**WHAT IS BEING ASKED**
Could you set down the records below exactly as they are, with no pictures?
#### INFORMATION
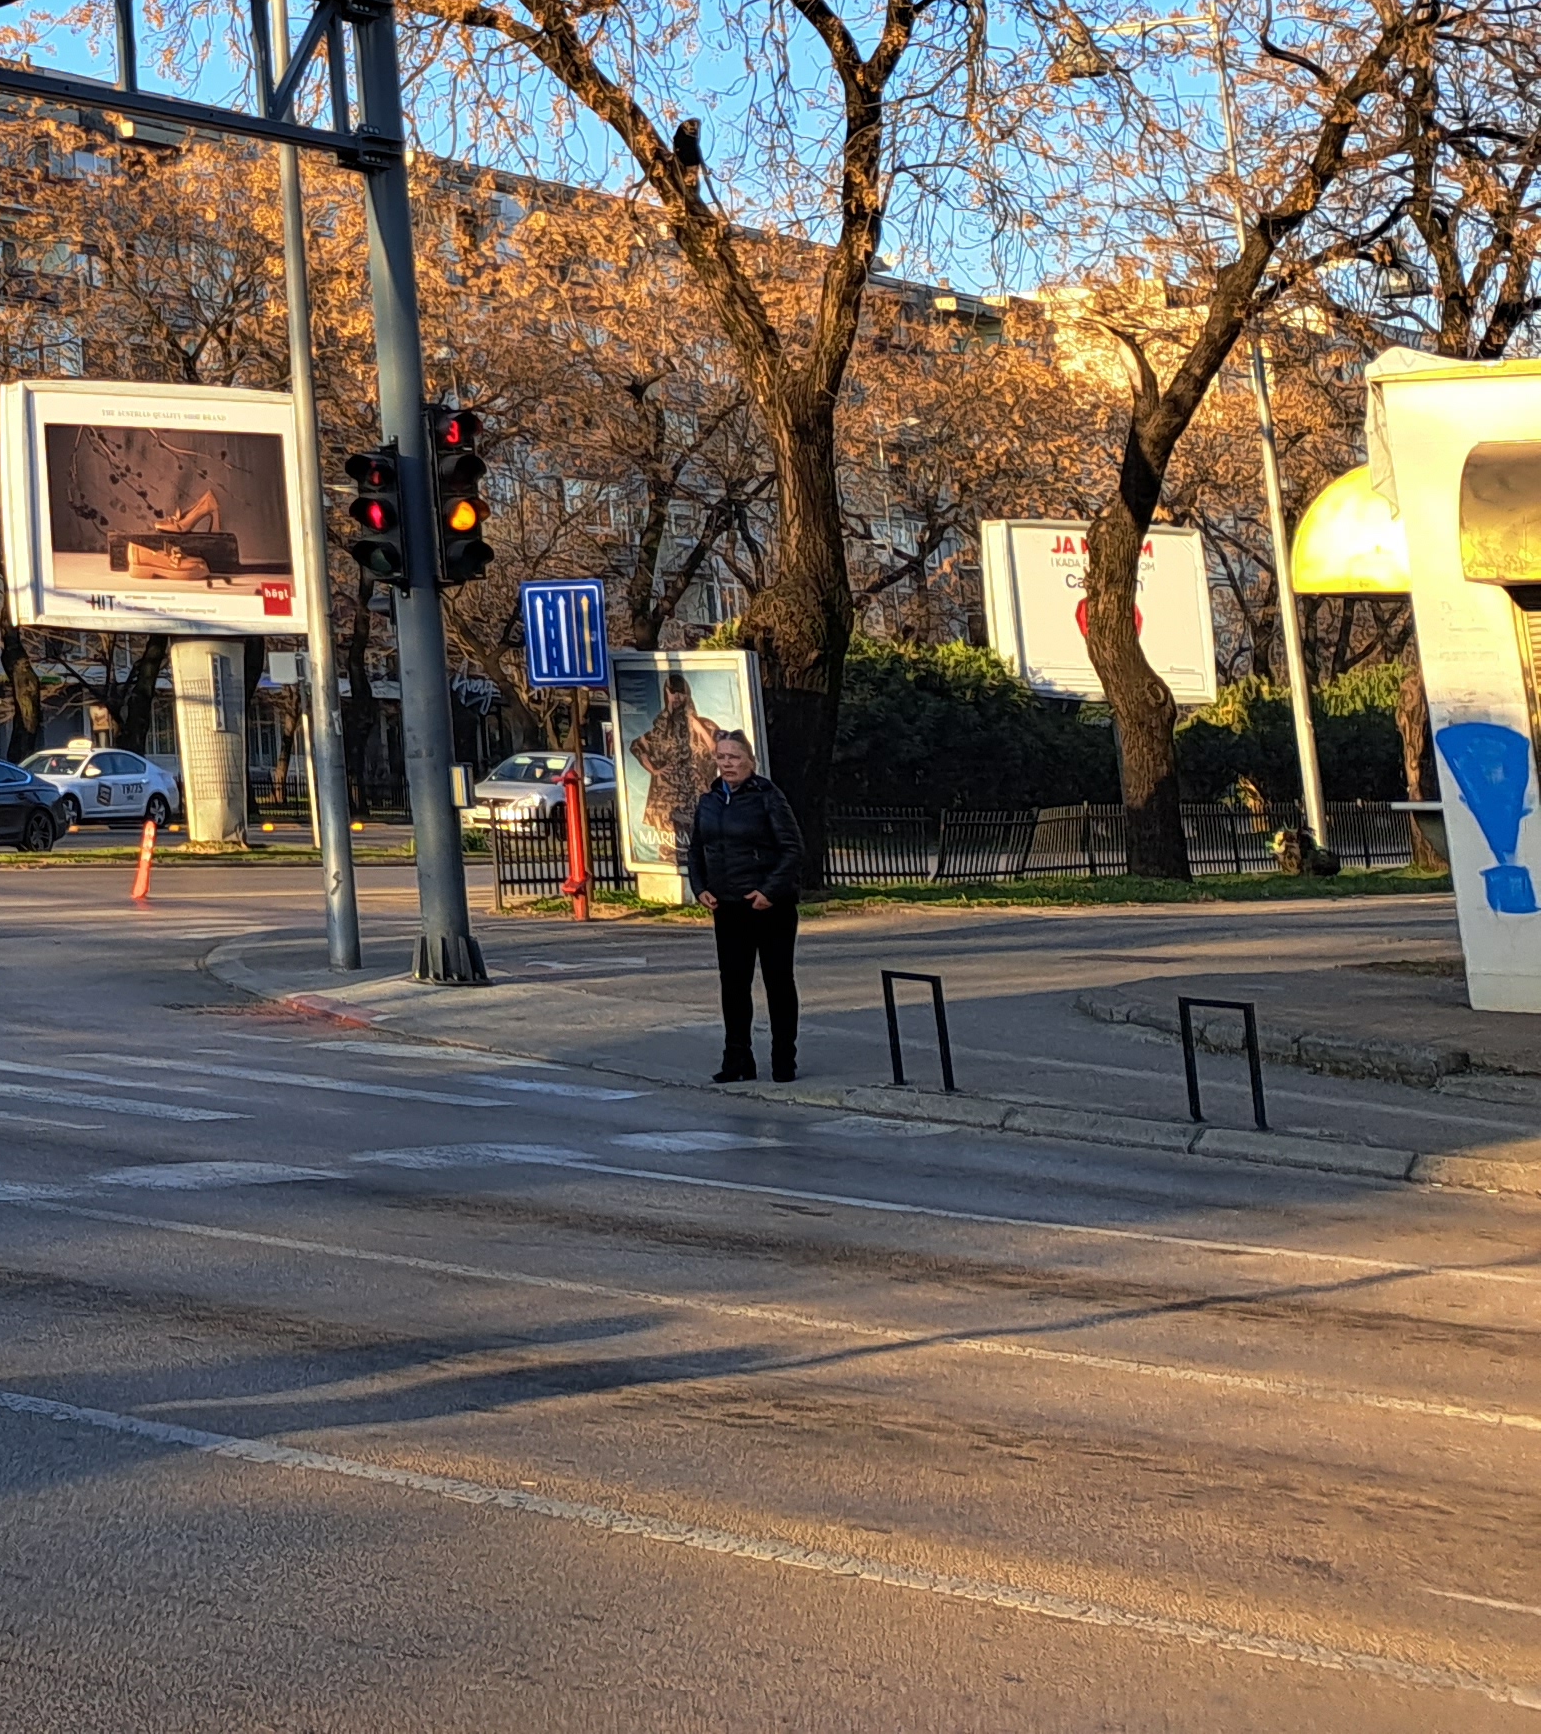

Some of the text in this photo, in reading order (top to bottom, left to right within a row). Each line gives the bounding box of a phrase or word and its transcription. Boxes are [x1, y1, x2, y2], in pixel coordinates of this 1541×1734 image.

[1051, 535, 1076, 554] JA
[1056, 557, 1081, 568] KADA
[264, 588, 289, 600] högl
[90, 593, 116, 611] HIT
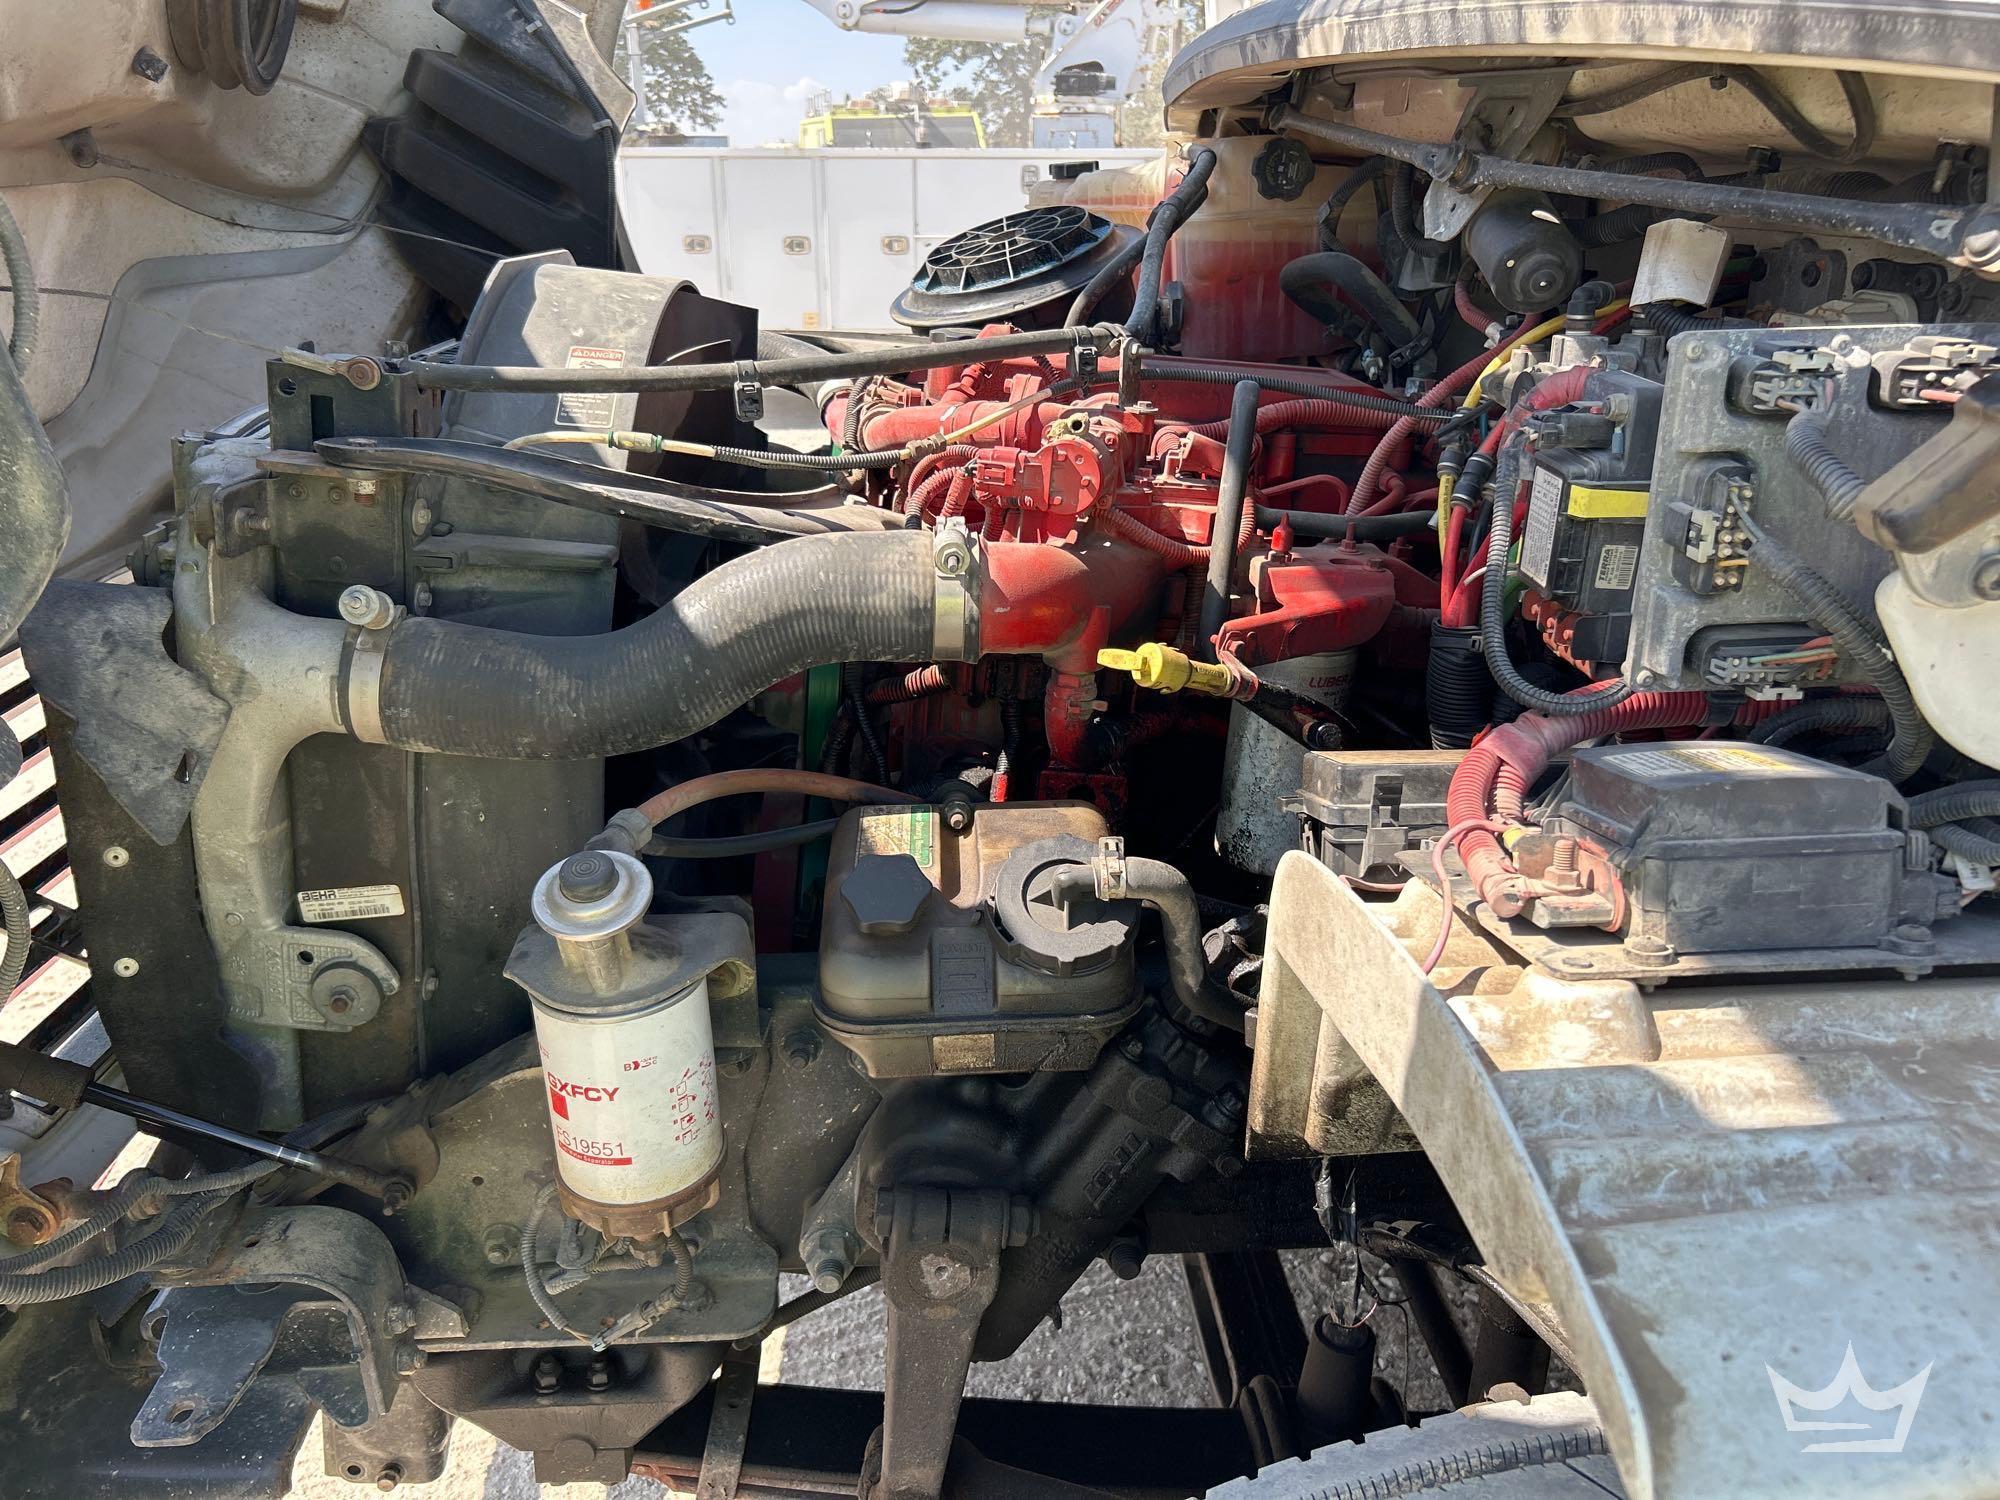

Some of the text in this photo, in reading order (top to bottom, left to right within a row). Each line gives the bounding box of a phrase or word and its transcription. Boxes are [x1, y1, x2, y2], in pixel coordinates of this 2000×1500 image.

[582, 351, 622, 360] DANGER
[1598, 548, 1614, 581] TERRA
[301, 890, 337, 901] BEHR
[547, 1071, 620, 1102] GXFCY
[556, 1125, 624, 1156] FS19551
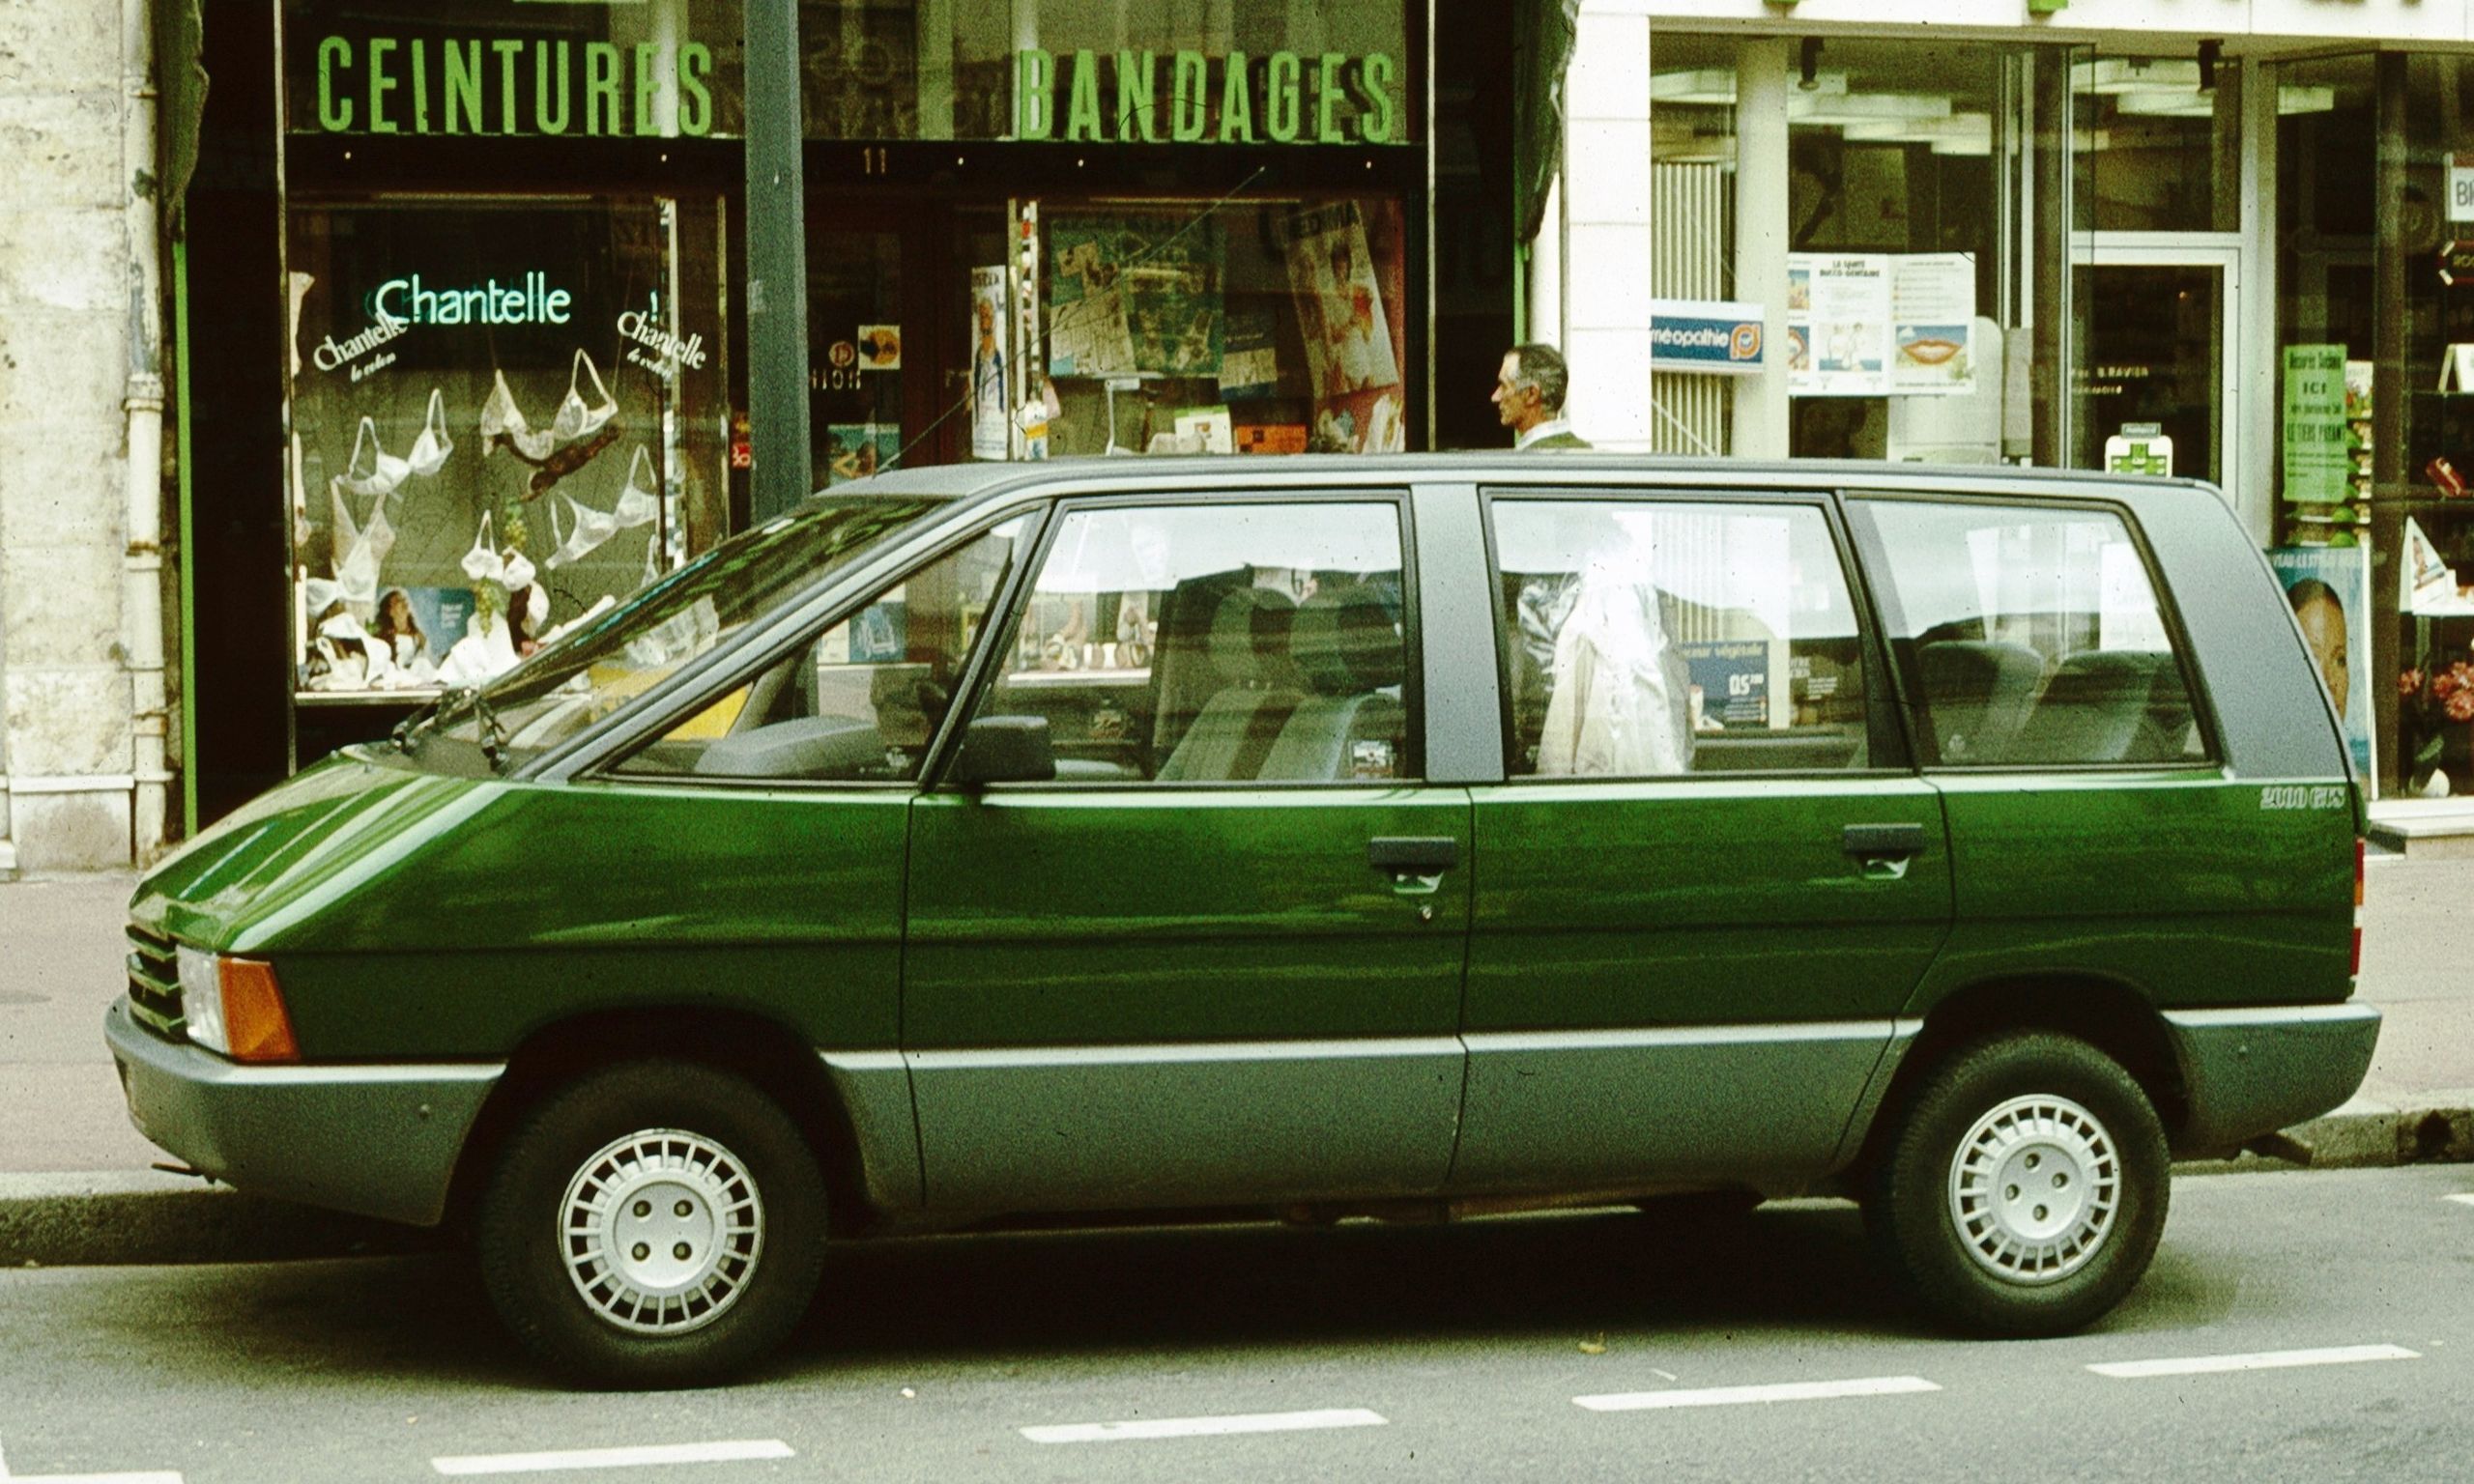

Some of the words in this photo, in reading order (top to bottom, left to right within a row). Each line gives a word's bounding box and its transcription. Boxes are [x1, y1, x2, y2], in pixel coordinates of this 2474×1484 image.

[317, 36, 712, 136] CEINTURES
[1018, 48, 1395, 143] BANDAGES
[375, 271, 571, 324] Chantelle
[313, 311, 409, 372] Chantelle
[617, 310, 706, 370] Chantelle
########
**ANSWER TO THIS EXERCISE**
Some of the text in this photo, in reading order (top to bottom, left to right within a row). Each line gives the bounding box of a phrase or word and its transcription. Boxes are [x1, y1, x2, y2], in pixel coordinates of this 1541×1734 image.

[1051, 535, 1076, 554] JA
[1056, 557, 1081, 568] KADA
[264, 588, 289, 600] högl
[90, 593, 116, 611] HIT

Some of the text in this photo, in reading order (top to bottom, left to right within a row). Each line gives the bounding box of a phrase or word and its transcription. Boxes are [x1, y1, x2, y2], in pixel coordinates of this 2000×1500 image.

[582, 351, 622, 360] DANGER
[1598, 548, 1614, 581] TERRA
[301, 890, 337, 901] BEHR
[547, 1071, 620, 1102] GXFCY
[556, 1125, 624, 1156] FS19551

Some of the words in this photo, in reading order (top to bottom, left to right within a row). Each line gives a word's bounding box and its transcription. Boxes are [x1, y1, x2, y2], in pixel coordinates of this 2474×1484 image.

[317, 36, 712, 136] CEINTURES
[1018, 48, 1395, 143] BANDAGES
[375, 271, 571, 324] Chantelle
[313, 311, 409, 372] Chantelle
[617, 310, 706, 370] Chantelle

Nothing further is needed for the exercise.